Dewan Perwakilan Rakyat Daerah (DPRD) Parepare, Sulawesi Selatan (Sulsel) menyoroti tipologi Masjid Terapung yang belum jelas. SK pengurus yang telah terbit juga direkomendasikan ditinjau ulang karena terkesan tidak dibuat dengan dasar yang jelas.
"Status masjid juga tidak tahu masuk tipologi yang mana. Apakah masjid raya, masjid agung atau masjid besar yang harus dikelola pemda. Ini statusnya Masjid Terapung tidak jelas masuk di tipologi (jenis) yang mana," kata Ketua Komisi II DPRD Parepare Muhammad Yusuf Lapanna kepada detikSulsel, Rabu (3/4/2024).
Yusuf menegaskan kejelasan tipologi atau jenis Masjid Terapung tersebut menjadi pembahasan dalam rapat dengar pendapat (RDP) di DPRD Parepare pada Selasa (2/4). Pemkab mengaku belum memperjelas hingga kini tipologi Masjid Terapung tersebut.
SCROLL TO CONTINUE WITH CONTENT
"Ini yang tidak jelas, jadi pemerintah belum pernah mengeluarkan status ini masjid apa. Tipologinya yang mana? Salah satu rekomendasi kami meminta Pemda memperjelas status masjid ini sehingga pemerintah punya dasar dalam mengelola Masjid Terapung ini," tegasnya.
Dia menyebut setiap masjid punya status masing-masing untuk membedakan pengelolaan dan SK pengurus masjid yang dikeluarkan. Maka kata dia, seharusnya Masjid Terapung BJ Habibie juga harus diperjelas status dan pemberian SK-nya.

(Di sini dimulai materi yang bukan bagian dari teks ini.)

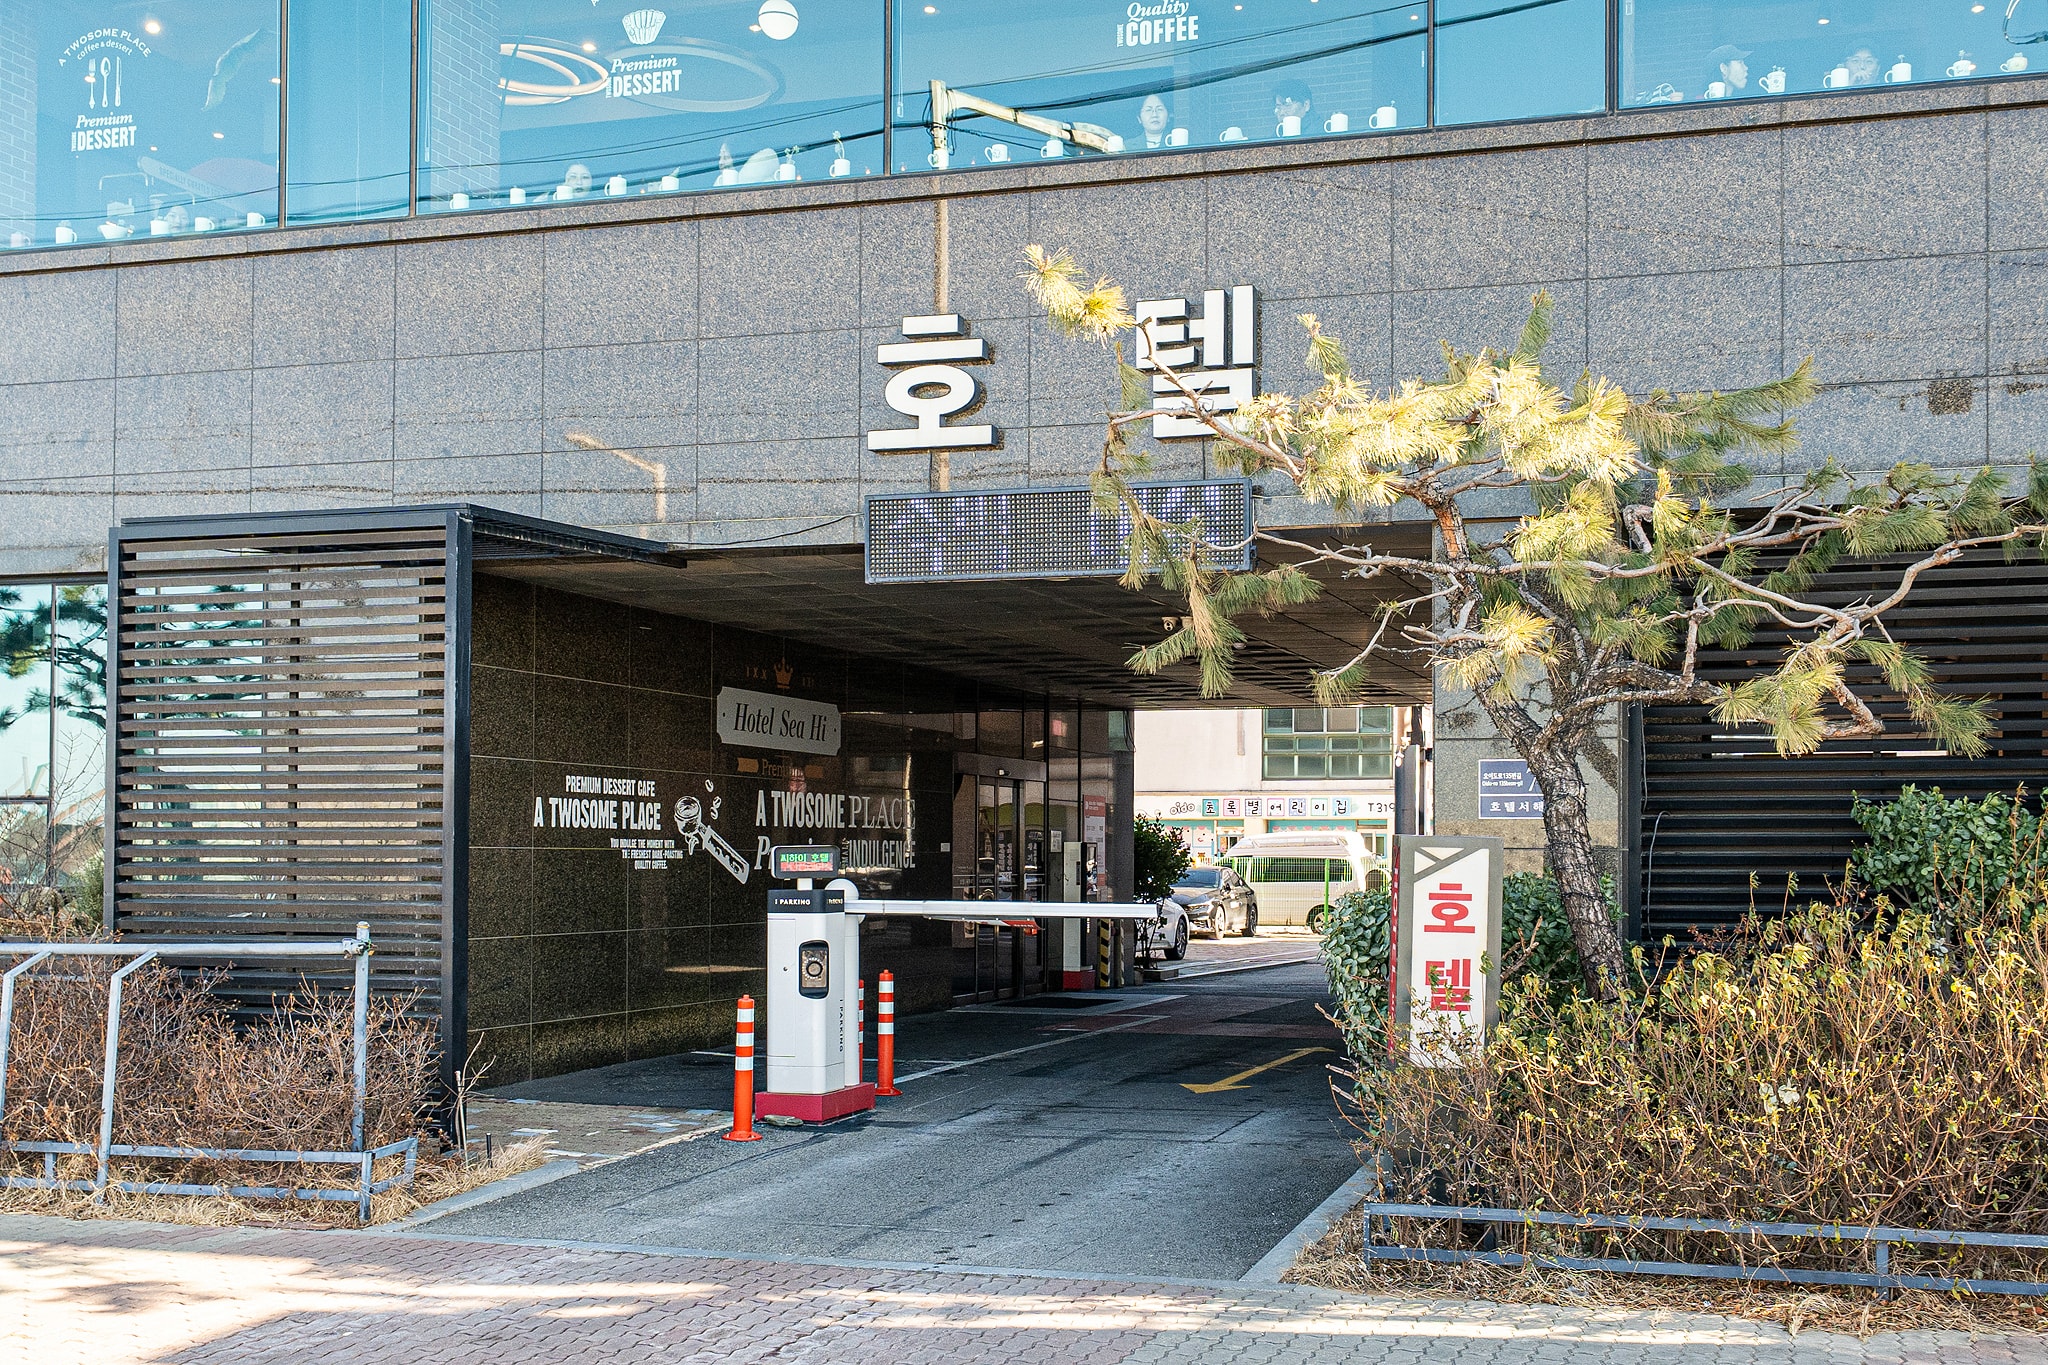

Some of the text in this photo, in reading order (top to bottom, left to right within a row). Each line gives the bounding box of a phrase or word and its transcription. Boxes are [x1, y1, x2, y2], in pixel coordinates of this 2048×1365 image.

[1127, 0, 1189, 22] Quality
[1126, 15, 1199, 47] COFFEE
[58, 28, 152, 67] A TWOSOME PLACE
[76, 41, 100, 60] coffee
[105, 39, 133, 56] dessert
[611, 54, 678, 74] Premium
[613, 69, 683, 98] DESSERT
[75, 111, 133, 128] Premium
[77, 125, 137, 151] DESSERT
[867, 285, 1256, 452] 호텔
[734, 702, 827, 741] Hotel Sea Hi
[566, 775, 656, 797] PREMIUM DESSERT CAFE
[533, 796, 662, 831] A TWOSOME PLACE
[755, 789, 916, 830] A TWOSOME PLACE
[1169, 801, 1196, 815] oido
[849, 839, 916, 869] INDULGENCE
[1423, 882, 1476, 1012] 호텔

"Kalau dia masjid raya cukup di-SK-kan kecamatan. Nah ini kan SK keluar atas nama wali kota. Itu juga kami tanyakan dasarnya tetapi Kabag Hukum tidak bisa menjelaskan bahwa apa dasar pemerintah kota mengeluarkan SK wali kota," jelasnya.

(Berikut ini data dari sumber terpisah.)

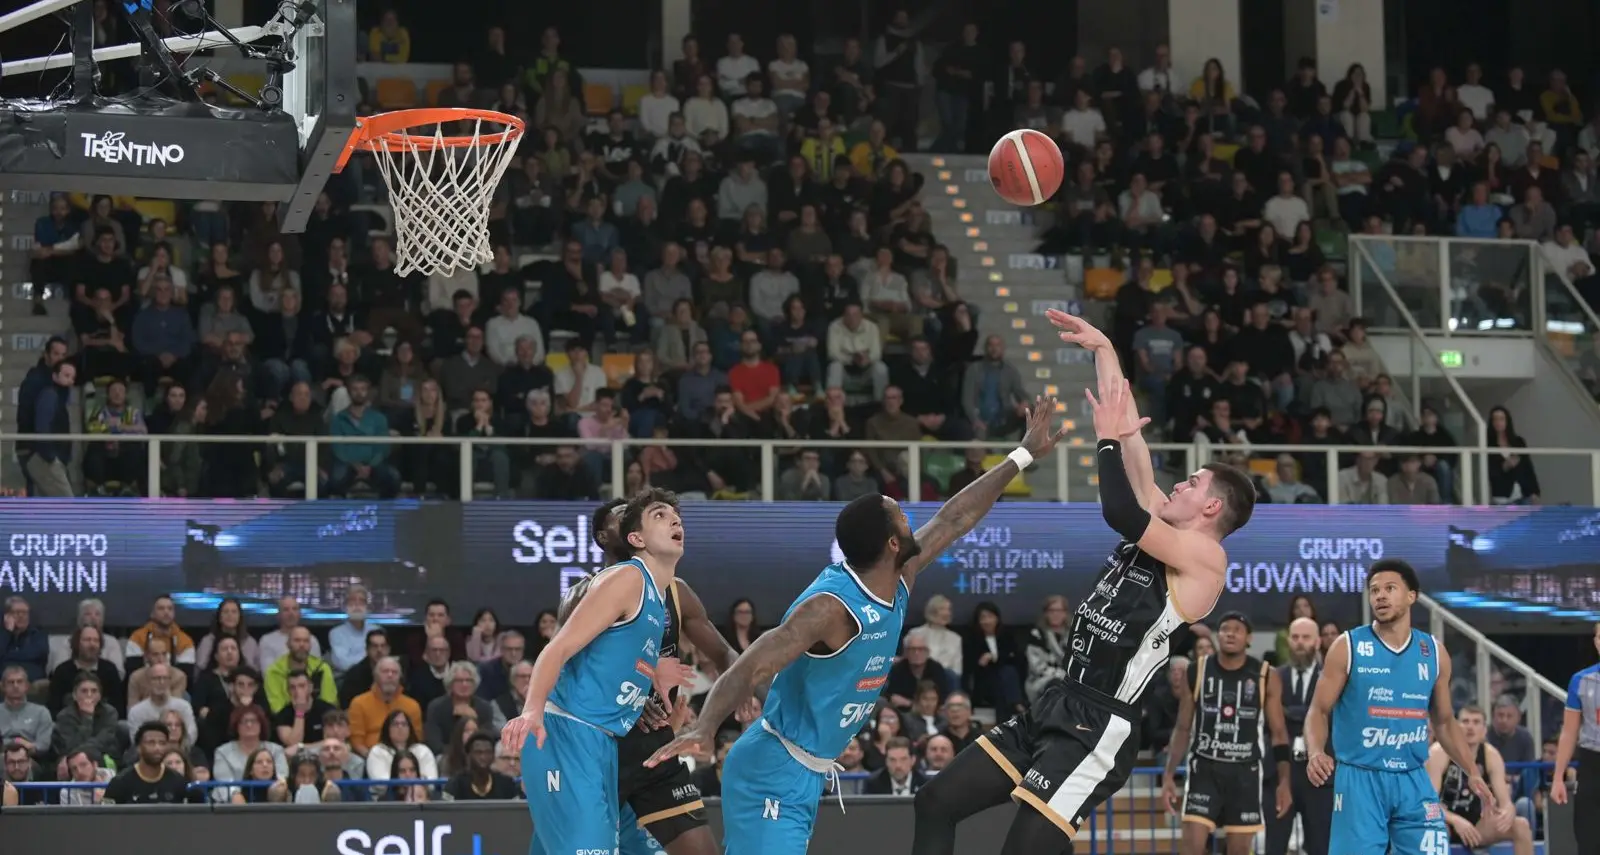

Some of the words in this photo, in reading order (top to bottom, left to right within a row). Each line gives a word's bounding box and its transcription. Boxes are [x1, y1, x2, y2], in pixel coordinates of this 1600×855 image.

[80, 132, 184, 167] TRENTINO
[10, 534, 107, 556] GRUPPO
[1299, 537, 1384, 560] GRUPPO
[0, 561, 107, 592] ANNINI
[1226, 562, 1368, 593] GIOVANNIN
[1077, 602, 1126, 635] Dolomiti
[1086, 623, 1119, 644] energia
[1357, 641, 1374, 657] 45
[1418, 663, 1429, 681] N
[1207, 677, 1215, 693] 1
[1361, 725, 1428, 749] Napoli
[1383, 759, 1407, 769] Vera
[547, 770, 560, 792] N
[762, 797, 780, 820] N
[1334, 793, 1343, 812] N
[1420, 830, 1448, 855] 45

Legislator Gerindra ini mengatakan, SK yang telah terbit sebelumnya perlu ditinjau ulang. Salah satu alasannya karena tipologi masjid yang dasar hukumnya tidak jelas.
"SK (SK yang terbit) tidak jelas dan terbit atas nama Wali Kota Parepare dan banyak pengurus tidak tahu dia sebagai pengurus. Jadi perlu ditinjau, kami akan berikan rekomendasi agar ditinjau SK tersebut," paparnya.

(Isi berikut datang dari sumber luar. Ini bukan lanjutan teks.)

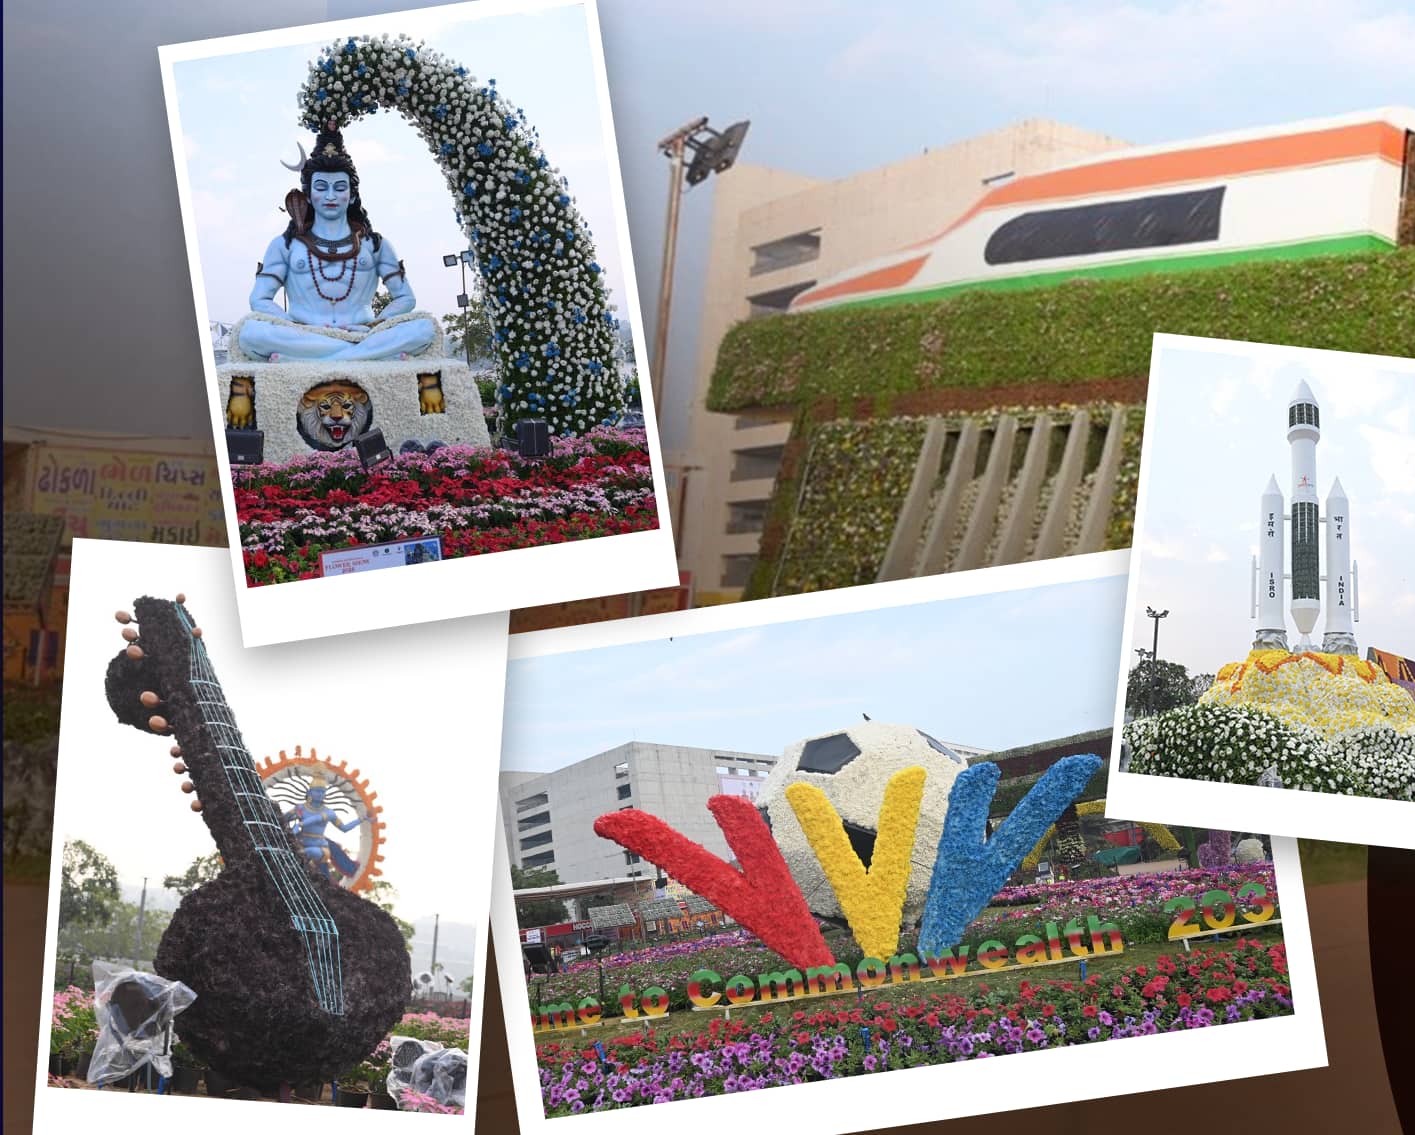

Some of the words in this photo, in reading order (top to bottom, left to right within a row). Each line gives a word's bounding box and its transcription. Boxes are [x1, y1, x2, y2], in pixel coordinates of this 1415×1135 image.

[531, 996, 602, 1031] me
[618, 983, 670, 1018] to
[687, 915, 1123, 1007] Commonwealth

Sebelumnya diberitakan, Bendahara Pengurus Masjid Terapung dr Ibrahim Kasim mengakui adanya penolakan menyalatkan jenazah pada tahun 2023 lalu. Dia beralasan penolakan tersebut karena pembangunan masjid saat itu belum rampung dan diresmikan, sehingga pihaknya kebingungan untuk memberi izin.
"(Pembangunan masjid) Belum pi rampung, belum diresmikan, jadi pengurus sementara bingung, bagaimana ini mau dipakai salat jenazah. Tapi tidak ada niat menghalang-halangi sebenarnya," kata dr Ibrahim Kasim kepada detikSulsel, Rabu (3/4).
Sebagai informasi, awal mula polemik sorotan terhadap pengelolaan Masjid Terapung bermula saat seorang warga bernama Husain Almahdaly mengaku ditolak menyalatkan jenazah tantenya di Masjid Terapung BJ Habibie, Selasa (12/3). Husain menyebut Wakil Ketua I Bidang Idarah Masjid Terapung Muhammad Anzar yang tidak mengizinkan dengan dalih belum direstui Ketua Pengurus Masjid, Taufan Pawe.
"Alasannya katanya tidak mendapat restu dari Taufan Pawe," kata Husain kepada wartawan, Selasa(26/3).